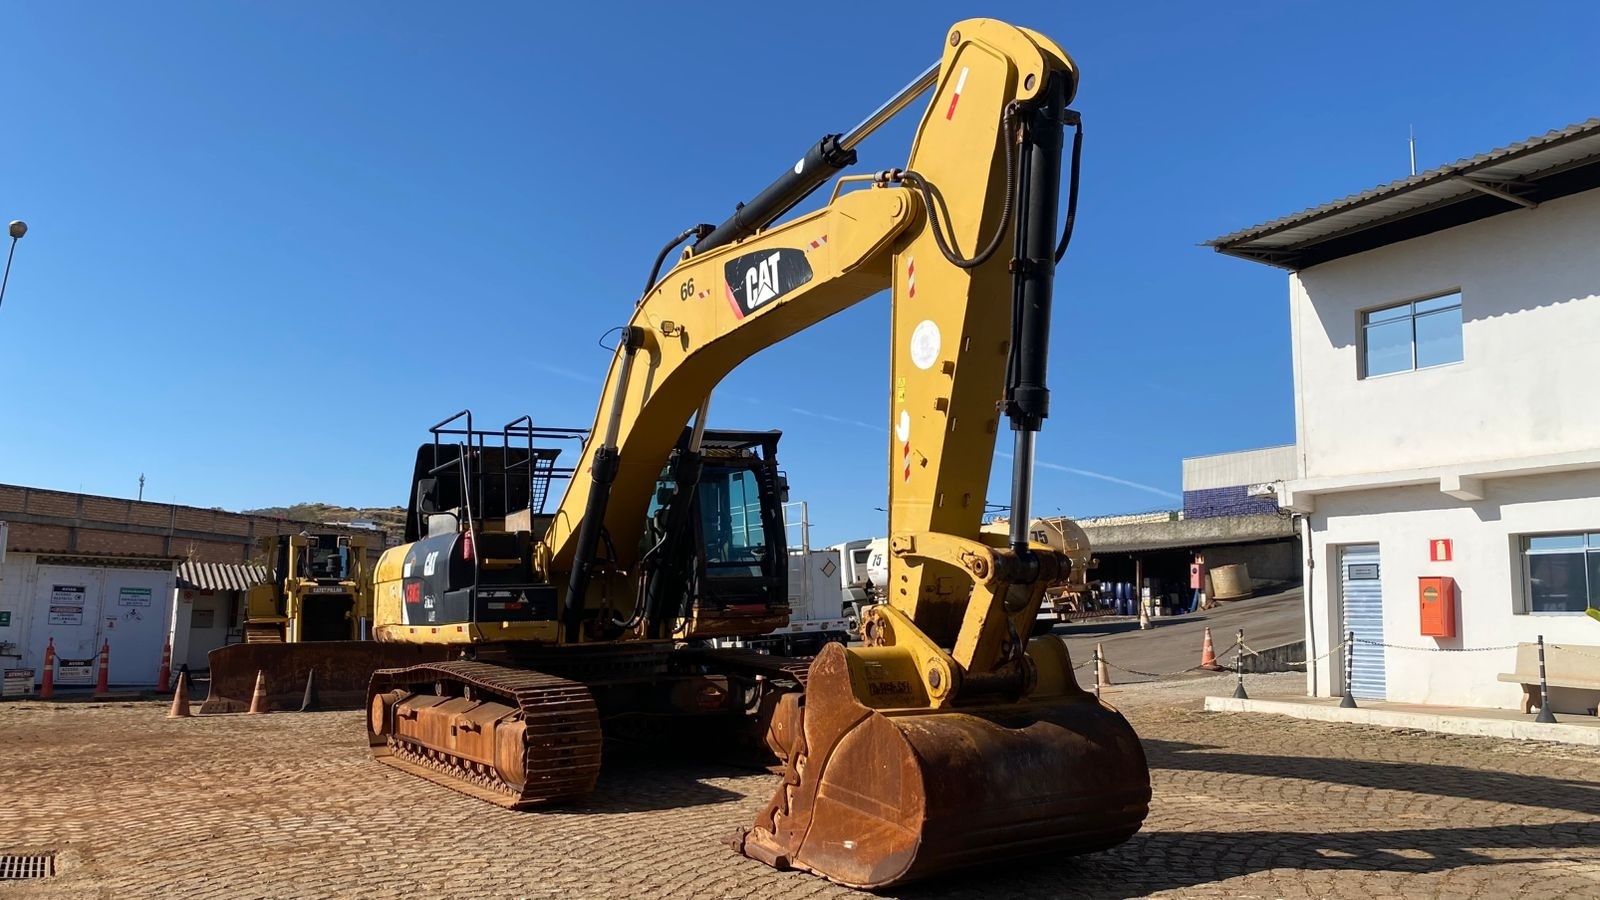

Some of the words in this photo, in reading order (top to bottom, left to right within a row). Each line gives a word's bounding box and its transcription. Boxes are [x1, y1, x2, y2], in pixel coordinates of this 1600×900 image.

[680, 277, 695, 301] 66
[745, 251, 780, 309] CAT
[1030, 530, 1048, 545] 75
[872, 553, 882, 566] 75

******

▶ _What is required_
Please reproduce all the material exactly. Pictures stay out of the copy.

▶ _Written answer_
Some of the words in this photo, in reading order (top to bottom, left to right within a row). Each line gives a word's bounding box and its transcription. Boxes are [x1, y1, x2, y2], in pixel coordinates of this 1600×900 image.

[680, 277, 695, 301] 66
[745, 251, 780, 309] CAT
[1030, 530, 1048, 545] 75
[872, 553, 882, 566] 75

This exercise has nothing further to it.